24.取消訴訟の訴えの利益(広義)に関する次の記述のうち、誤っているものはどれか。

  a.判例・通説のとる立場は「法の保護する利益説」である。

  b.「法の保護する利益説」は、行政事件訴訟法第9条にいう「法律上の利益」を実定法の保護している利益と解するから、処分の根拠となる実定法の趣旨・目的の解釈によって原告適格などの有無を判断する、というものである。

  c.「保護に値する利益説」は、違法な行政処分によって原告が受けた実生活上の不利益が、その処分の根拠となる実定法による保護に値するか否かによって原告適格などの有無を判断する、というものである。

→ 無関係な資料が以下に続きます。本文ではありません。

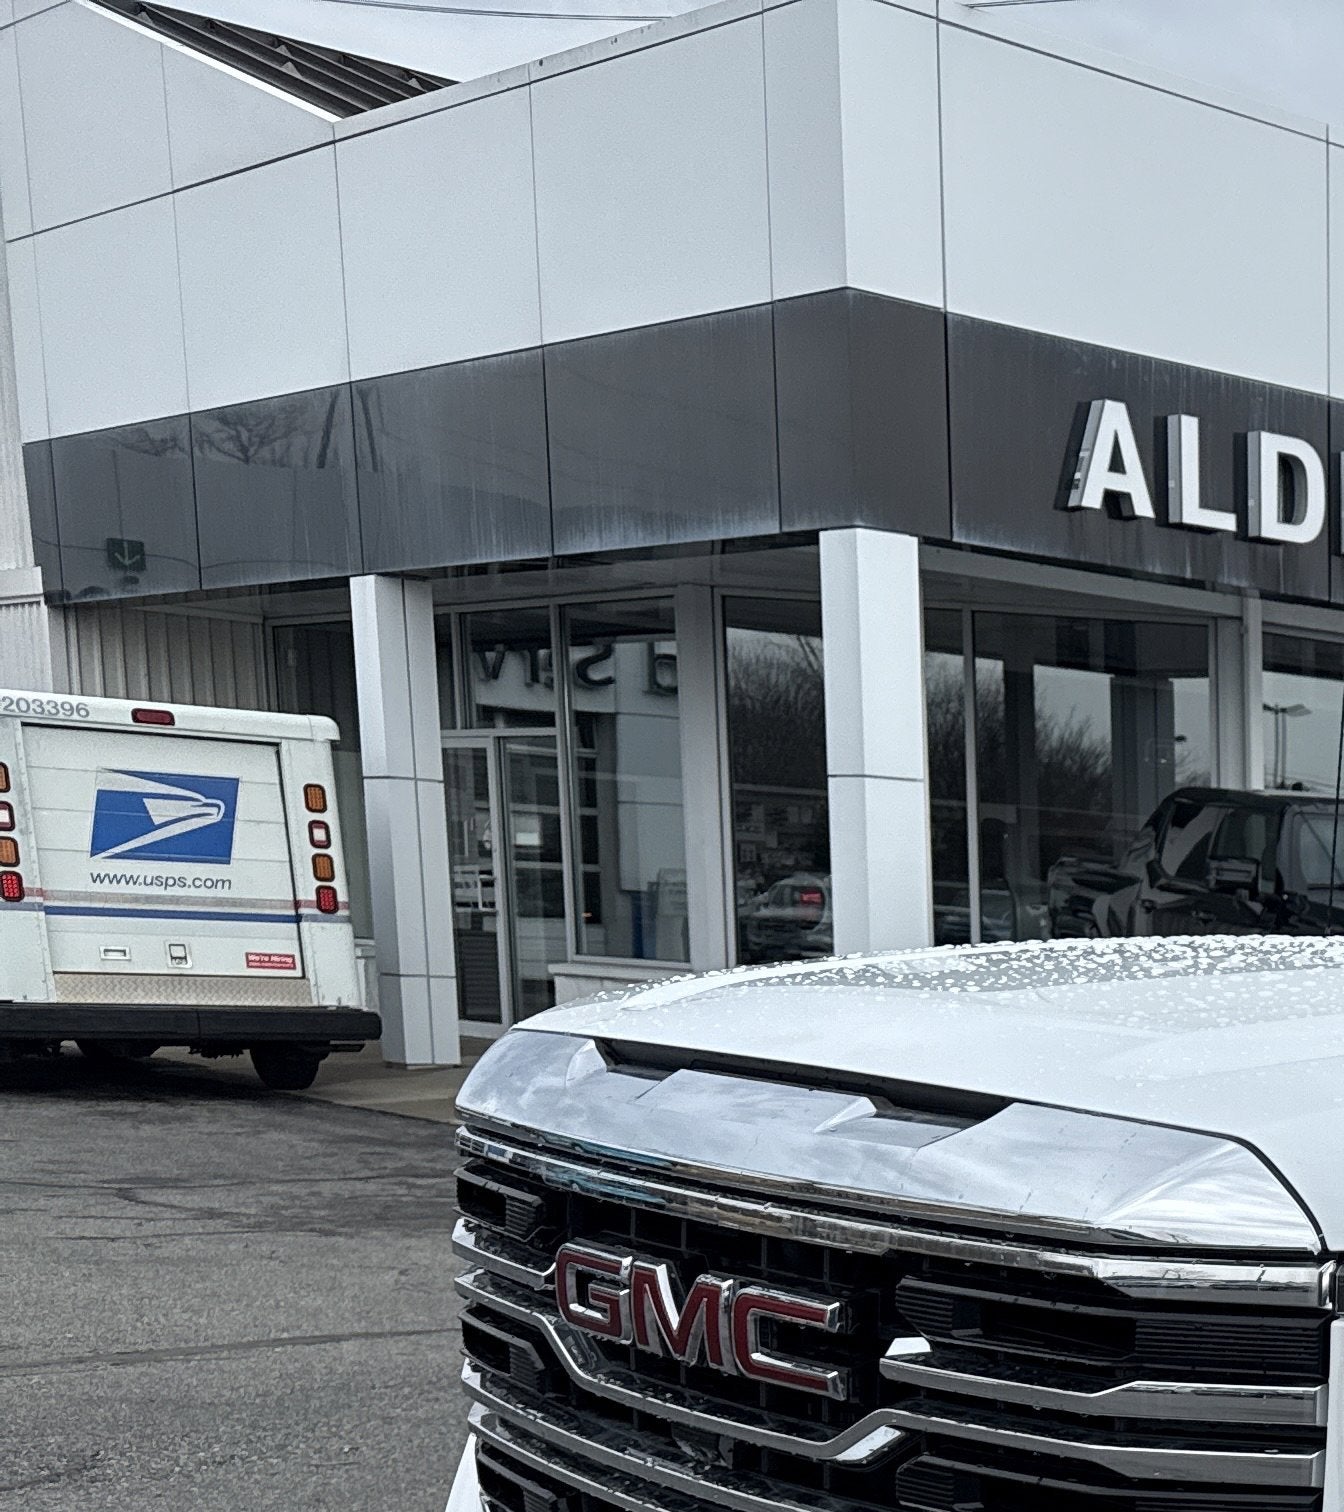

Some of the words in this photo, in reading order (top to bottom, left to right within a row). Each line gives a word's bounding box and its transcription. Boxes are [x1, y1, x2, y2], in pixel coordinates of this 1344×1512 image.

[2, 696, 90, 718] 203396
[90, 872, 232, 890] www.usps.com
[555, 1242, 846, 1400] GMC

d.「保護に値する利益説」によれば、既存の質屋が新規の質屋の営業許可を争う原告適格を認められるか否かは、新規の質屋の営業許可によって実際に被害を受けるか、被害を裁判で保護するに値するか否か、などの視点に従うことになる。

  e.近年、「法の保護する利益説」は、処分の根拠法条のみならず、当該法律の目的、関連する法令などを考慮に入れて法の趣旨を解釈する傾向にある。

  

25.取消訴訟の訴えの利益(狭義)に関する次の記述のうち、妥当なものはどれか。

a.判例によれば、保安林指定解除処分を争っている間に代替施設(ダム)が完成したら、もはや原告の訴えの利益(狭義)は消滅する。

b.家屋の撤去命令に対して訴訟が提起されたが、係争中に家屋が撤去された。この場合、撤去命令の取消を求める原告の訴えの利益(狭義)は存続する。

c.原告が建築確認の取消訴訟を提起した時点において、その建築確認を得た建物が既に完成していた。判例によれば、この場合、原告の訴えの利益は認められる。

d.大分市 議会から除名処分を受けた議員が除名処分の取消を求めて訴訟を提起したが、係争中に議員の任期が満了した。判例によれば、この場合、この議員は議員としての身分を回復できないから、訴えの利益(狭義)は消滅する。

  e.自動車運転免許の停止処分を受けた原告は、名誉や信頼など社会生活上の不利益を受けると主張している。この場合、こうした名誉や信頼などは、判例によれば「法律上の利益」にあたる。